__Prompt__
As you print the data below, keep every line exactly as it is and leave the images behind.

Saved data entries
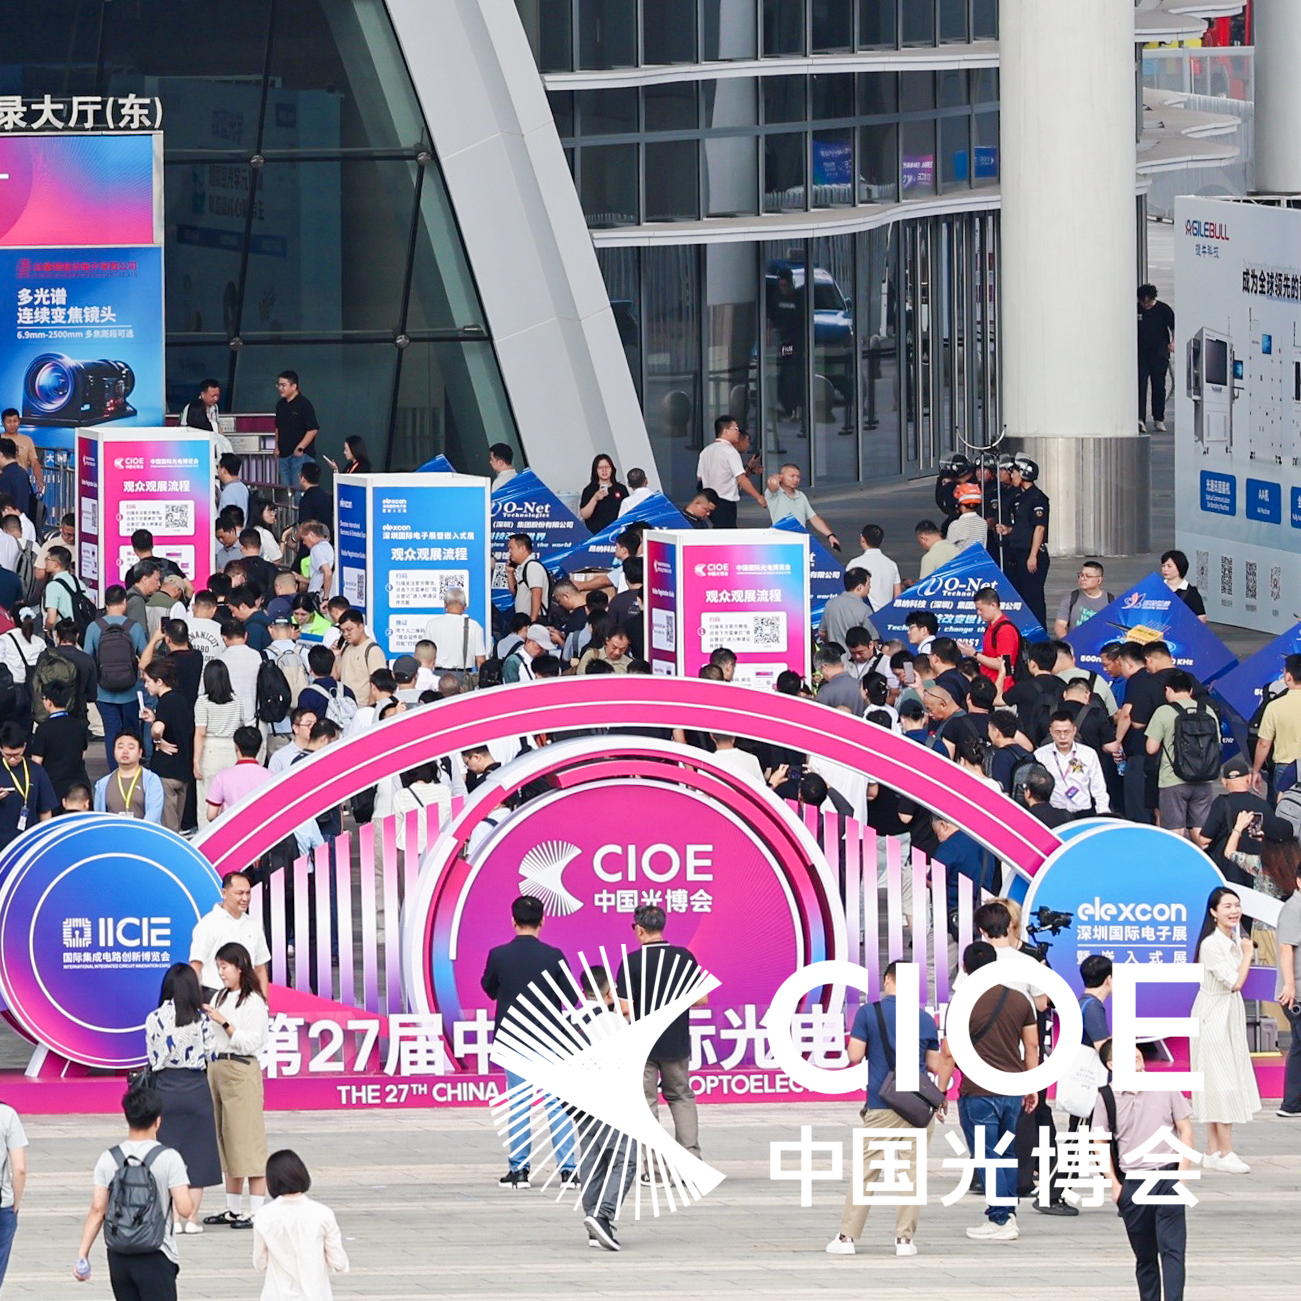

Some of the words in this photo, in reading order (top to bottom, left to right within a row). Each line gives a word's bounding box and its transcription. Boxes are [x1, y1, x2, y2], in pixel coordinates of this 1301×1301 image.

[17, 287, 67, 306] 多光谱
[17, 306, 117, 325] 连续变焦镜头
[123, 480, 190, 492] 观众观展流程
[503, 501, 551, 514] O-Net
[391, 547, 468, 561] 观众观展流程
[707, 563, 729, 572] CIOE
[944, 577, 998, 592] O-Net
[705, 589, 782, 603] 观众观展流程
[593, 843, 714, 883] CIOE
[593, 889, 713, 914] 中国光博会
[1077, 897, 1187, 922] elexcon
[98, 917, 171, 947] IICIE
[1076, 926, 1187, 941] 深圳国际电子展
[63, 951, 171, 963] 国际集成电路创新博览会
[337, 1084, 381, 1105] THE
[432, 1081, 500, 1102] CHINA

__Answer space__
Some of the words in this photo, in reading order (top to bottom, left to right within a row). Each line gives a word's bounding box and its transcription. Boxes are [x1, y1, x2, y2], in pixel coordinates of this 1301×1301 image.

[17, 287, 67, 306] 多光谱
[17, 306, 117, 325] 连续变焦镜头
[123, 480, 190, 492] 观众观展流程
[503, 501, 551, 514] O-Net
[391, 547, 468, 561] 观众观展流程
[707, 563, 729, 572] CIOE
[944, 577, 998, 592] O-Net
[705, 589, 782, 603] 观众观展流程
[593, 843, 714, 883] CIOE
[593, 889, 713, 914] 中国光博会
[1077, 897, 1187, 922] elexcon
[98, 917, 171, 947] IICIE
[1076, 926, 1187, 941] 深圳国际电子展
[63, 951, 171, 963] 国际集成电路创新博览会
[337, 1084, 381, 1105] THE
[432, 1081, 500, 1102] CHINA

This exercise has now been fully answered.